The officer rejoined him. “What did you think you were going to do? Did you think you were going to get away with this? Did you think I was going to allow you to drive this vehicle across the border into Egypt and to simply dump it? Were you going to leave it at an airport somewhere for local authorities to clean up?”

That bit of misdirection might have been effective if the man’s references to Egypt and to “local authorities” weren’t also reminders that: A) There’s no longer any such thing as “local authorities,” and B) Less than three days ago, the Global Community Peacekeeping Air Force Squadron Force carried out an attack on Egypt with nuclear weapons, making his sudden anger over the possibility of an abandoned car seem a bit disproportionate.

Buck awkwardly explains that he intended to give away the bus once he arrived in Egypt and that satisfies the officer, who drives away, leaving Buck mystified as to how the man failed to find Tsion Ben-Judah hidden in the back seats.

“Had God supernaturally blinded him?” Buck wonders, and “his knees like jelly and his fingers twitching,” he rushes inside the bus to hear his friend’s account of this miraculous deliverance from evil.

But Tsion isn’t there. Another miracle! Had God supernaturally whisked him off of the bus? Had their mutual friend Elijah sent his fiery chariot to carry him away to safety? Perhaps God had miraculously turned the former rabbi invisible.

None of those, it turns out. It seems that when Buck got out to fix the radiator, Tsion walked off into the bushes to pee and then hid there until the GCPFS cop left.

Others might consider that a coincidence, but to our heroes, and to the authors, it was as much a miracle as what they had seen at the Wailing Wall.

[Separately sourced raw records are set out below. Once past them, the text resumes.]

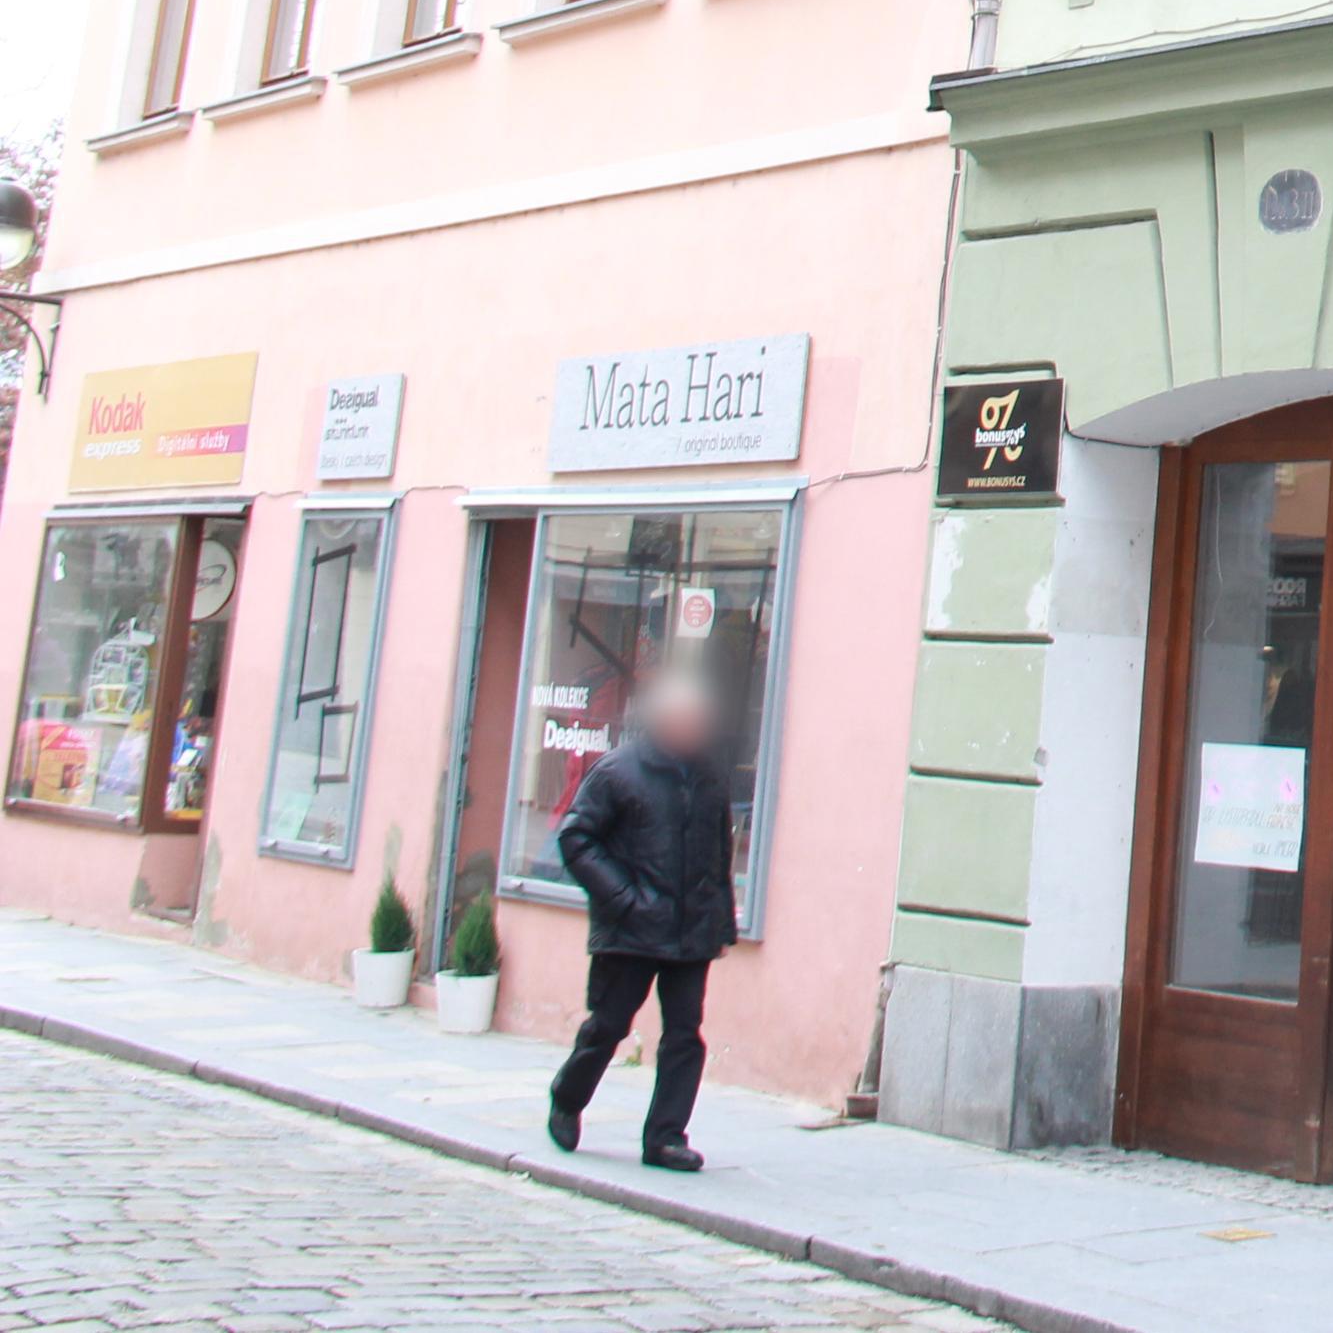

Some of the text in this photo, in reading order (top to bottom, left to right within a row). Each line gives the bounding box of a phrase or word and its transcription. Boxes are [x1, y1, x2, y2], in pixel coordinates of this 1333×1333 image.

[579, 345, 766, 431] Mata Hari
[88, 391, 146, 435] Kodak
[84, 438, 142, 460] express
[684, 434, 719, 457] original
[720, 433, 763, 453] boutique
[554, 684, 590, 710] KOLEKCE

“If you have ever wondered what the saying meant about the Lord working in mysterious way,” Tsion said, “there was your answer.”

– – – – – – – – – – – –

* With all this talk of borders, sovereignty, jurisdiction, U.N. conventions and international law, we should note here that Buck has just driven from Jericho to Beersheba. In our world — the actual real world — that would involve a long drive through the Palestinian territory of the West Bank, crossing the border into Israel just south of Hebron. And that crossing, in our world, would involve getting past a ginormous barbed-wire fence.

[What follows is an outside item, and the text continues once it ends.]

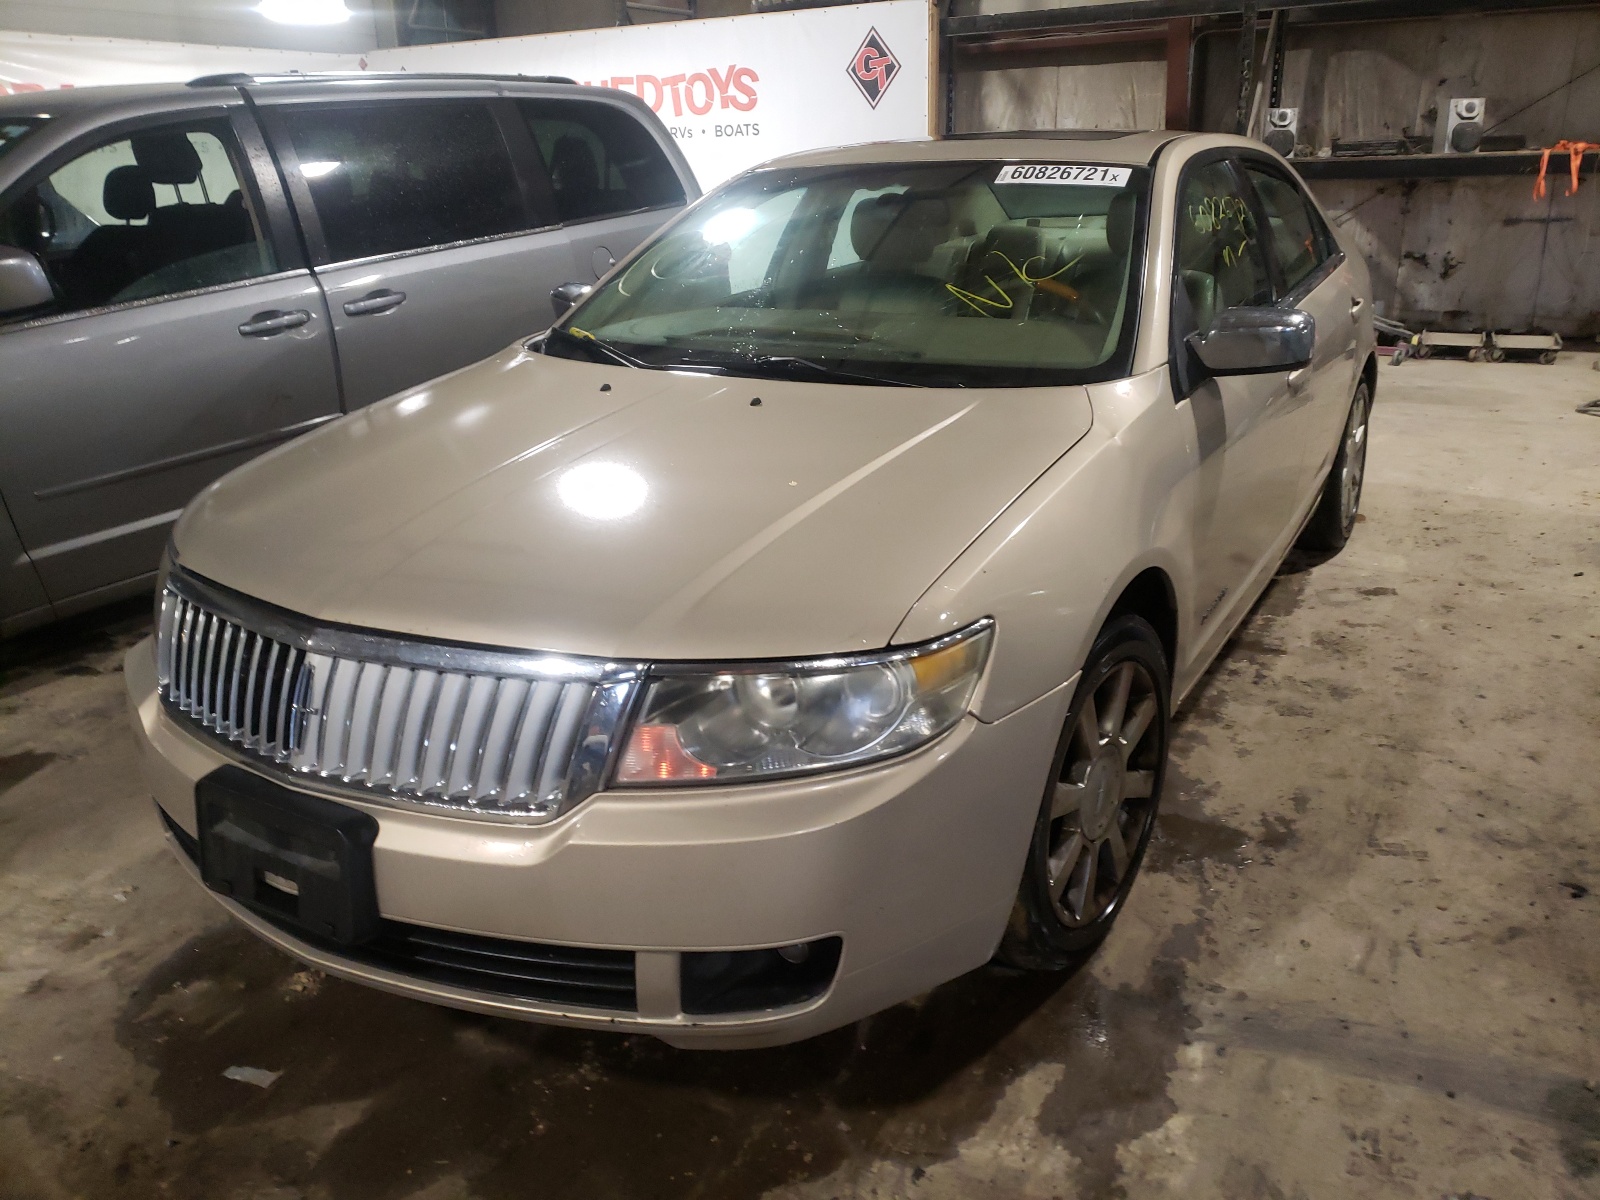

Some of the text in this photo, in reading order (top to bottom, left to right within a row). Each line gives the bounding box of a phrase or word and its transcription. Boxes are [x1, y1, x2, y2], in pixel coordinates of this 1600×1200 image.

[855, 46, 892, 91] GT
[670, 123, 760, 139] RVs BOATS

To be fair, the separation barrier between Israel and the West Bank had not yet been erected when LaHaye and Jenkins wrote this book in 1997. Normally, though, when we excuse authors for failing to predict such unforeseen developments, we say things like, “No one can be expected to see into the future.” But unfortunately for L&J, that’s exactly what they’re claiming to do in these books. Back in 1997, they offered some very specific predictions for what would “soon” unfold in Israel — not the construction of a barricade, but the peaceful annexation and friendly ethnic cleansing of everything from that border all the way to the Jordan and beyond.

That prediction was as utterly wrong as it was cheerfully monstrous. They are already, to use a biblical term, false prophets.